I was even on the brink of getting the big disease- Fever. I believe the germs were on the sidelines already, waiting for the right time to play inside my organs. However, I finally declared I'm going to bed early, and I hit those unicell organisms with a mighty bout of sleep attack. Take that, arseholes.

Well, ultimately, I got better. It's just the cough that's sticking to me like glue. Featherman is still working his wand, tickling my oesophagus with every opportunity. (Especially during sticky social situations).

Anyway, I'll probably be fine. I'm not allowing myself to have that big fever I had in February, where I was basically living at home as if I was living in a hospice. Exams are near, times have changed and the weather sucks. Therefore, I'm going to combat every cough with a poker face in the spirit of Lady GaGa.

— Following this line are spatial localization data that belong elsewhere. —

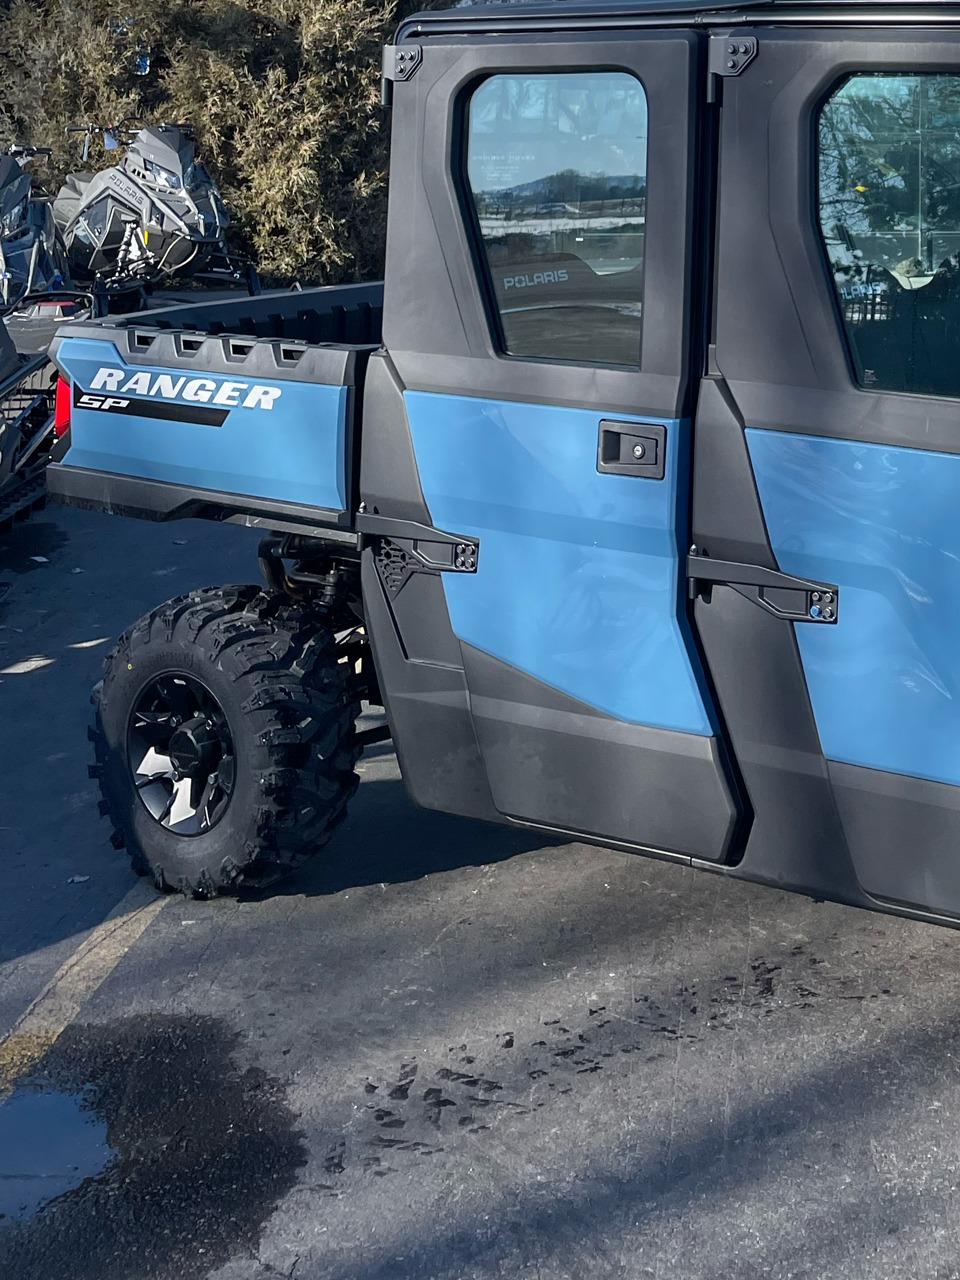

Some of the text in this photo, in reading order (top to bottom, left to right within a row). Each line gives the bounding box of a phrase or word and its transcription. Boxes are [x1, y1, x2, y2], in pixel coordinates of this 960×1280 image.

[109, 173, 144, 205] POLARIS
[503, 269, 569, 290] POLARIS
[89, 367, 282, 410] RANGER
[76, 395, 130, 410] SP
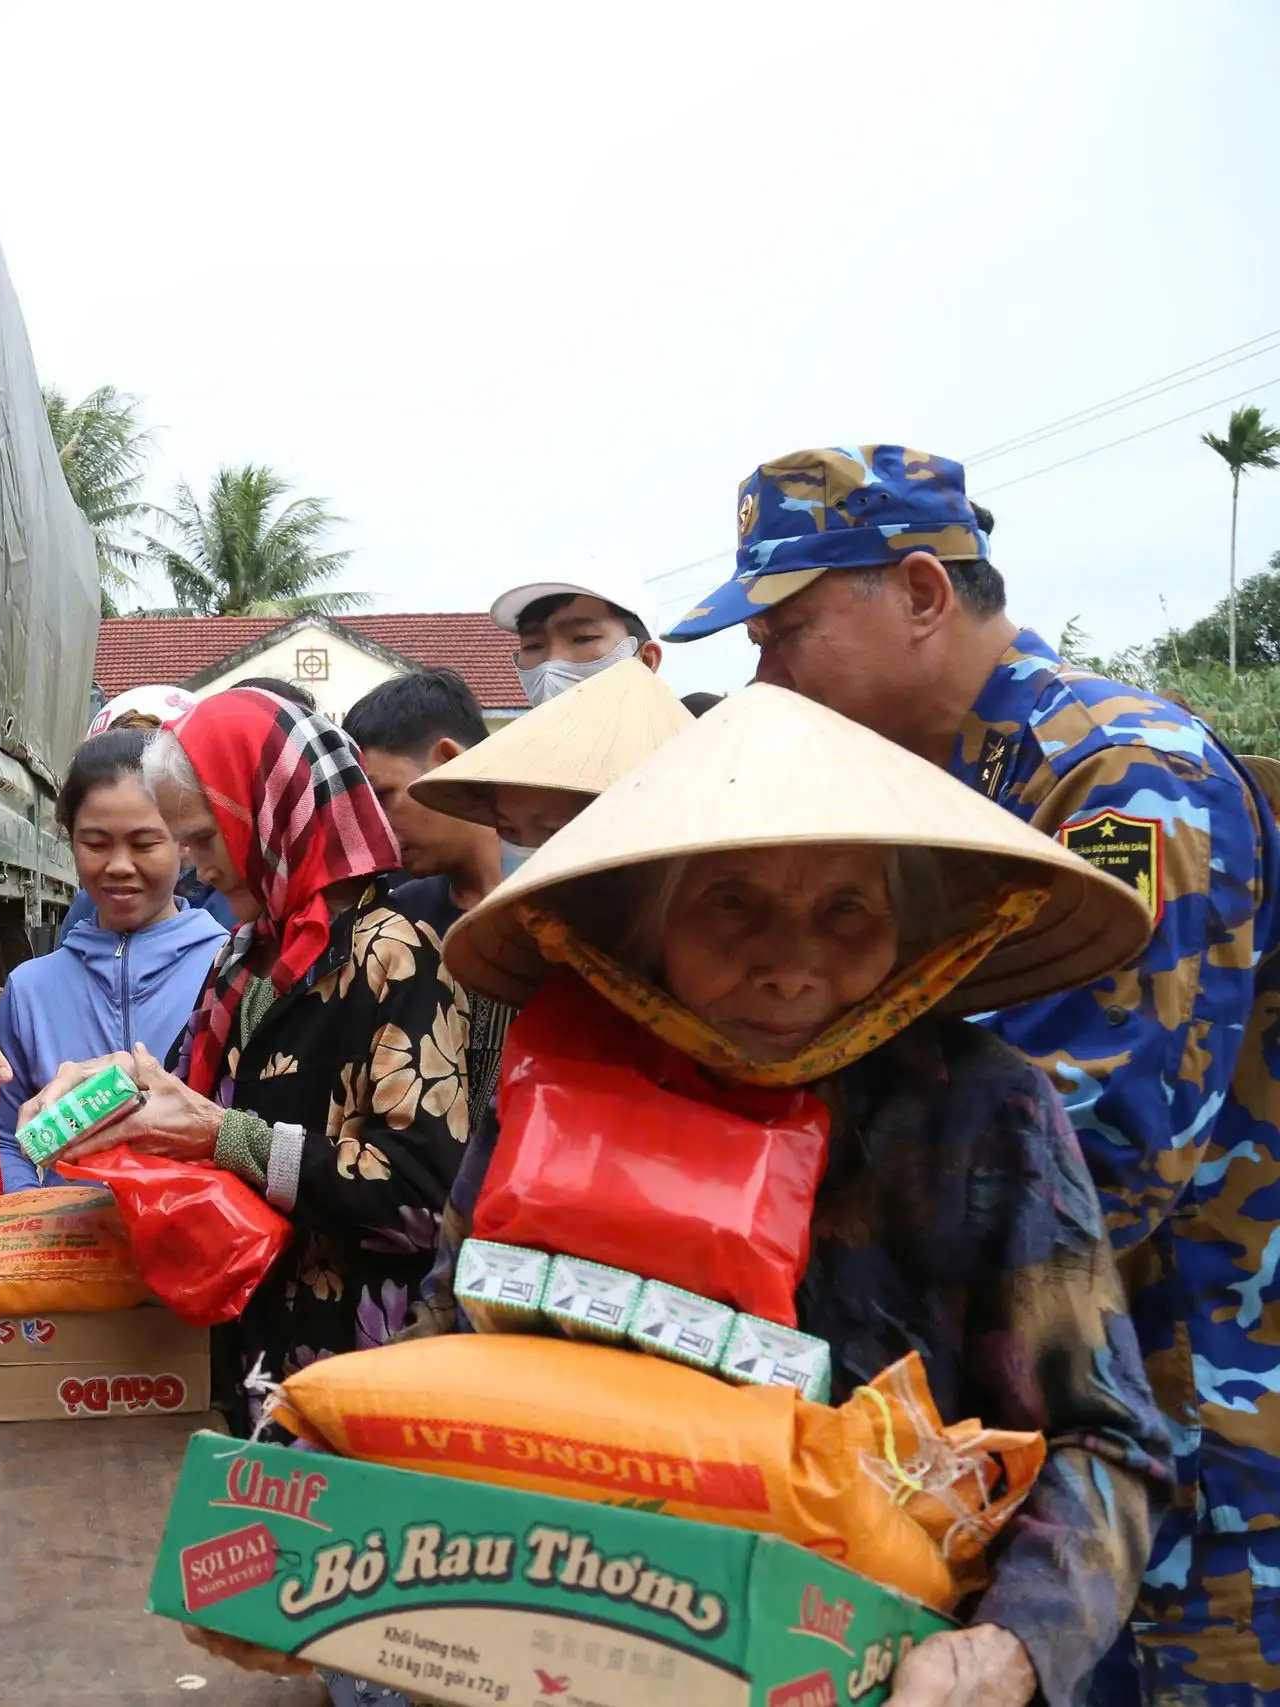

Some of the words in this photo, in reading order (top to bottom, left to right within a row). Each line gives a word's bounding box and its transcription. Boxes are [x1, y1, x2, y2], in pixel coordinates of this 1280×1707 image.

[226, 1457, 329, 1521] Unif
[190, 1551, 226, 1581] SỢI
[227, 1534, 268, 1567] DAI
[395, 1525, 514, 1581] Rau
[526, 1525, 722, 1633] Thơm

And with each time I mention her, I never fail to dive into a rendition of the song.

"Can't read my, can't read my, oh you can't read my poker face. Cough's [sic] got me like nobody".

Sunday, November 1, 2009

Supplies!

http://www.youtube.com/watch?v=HcTMKaQPRSA

Go to this address to see how we spring a surprise on Wan Mei.

Songs.

"I don't wanna fall to pieces, I just wanna sit and stare at you."
- Avril Lavigne's Fall to Pieces

When I blogged with the other, Avril-Lavigne inspired blog, it was teen-angst and many tiny little things. One practice I liked to do was to include lyrics of songs I like at the top of each post. Looking back at my old blog (with all the horrible sentence structures), I can't believe that time has flown so quickly that some of the songs that I've written on my blog are no longer on the radio.

I love lyrics. While the melody catches my attention, it is the lyrics that I remember and ponder over. It is the lyrics that has this reflective ability. In secondary school, I have this file where I print lyrics I love and slot them in. I'd stay in one corner of my bed, and try to memorise them, just for the sake of memorising them. And somehow, I'd invest a part of my present into it. The mood, the feelings and places.

As time works its course, the song goes into oblivion. However, when the song starts playing again anywhere, it triggers the part of the time line and boom, my memory's back. The emotions, the feelings and the mood, they all come back too. Listening to Michelle Branch's first album never fails to bring back the image of me buried in my desk, studying for O levels. Listening to Stephanie Sun's previous hits jolts me back to my year 1 days in university, and most specifically, the image of raindrops cascading down on the shuttle bus window. Then Fish Leong came, marking the rest of my university days.

I find myself listening to Avril Lavigne these days again.



Perhaps there's a yearning desire to be young again.

Thursday, October 29, 2009

Desert Song

Ms R.




I'm taking a break from dealing with the 3 letter word since the hotmail account is a bit cranky right now.

Just stared at the things piled up on my table- look at your table! is my mum and dad's favourite phrase now- and the letter and photos stuck on my windowsill. Ms Rivera's letter is still the most motivational one after all these years. From my A Levels to my University years, I never stopped reading the first two lines over and over again.

"Things don't go wrong and break your heart so you can be bitter and give up. They happen to break you down and build you up so you can be all the things you intended to be."

These days, every single day is a day of demands. There is an agenda to be fufilled, tasks to finish and just administrative things to do. And I do admit, I'm not being very hardworking at it either. Sometimes I have to remind myself to focus on the task, or I'll just lose it.

FYP is a year-long thing. I cannot afford to lose it.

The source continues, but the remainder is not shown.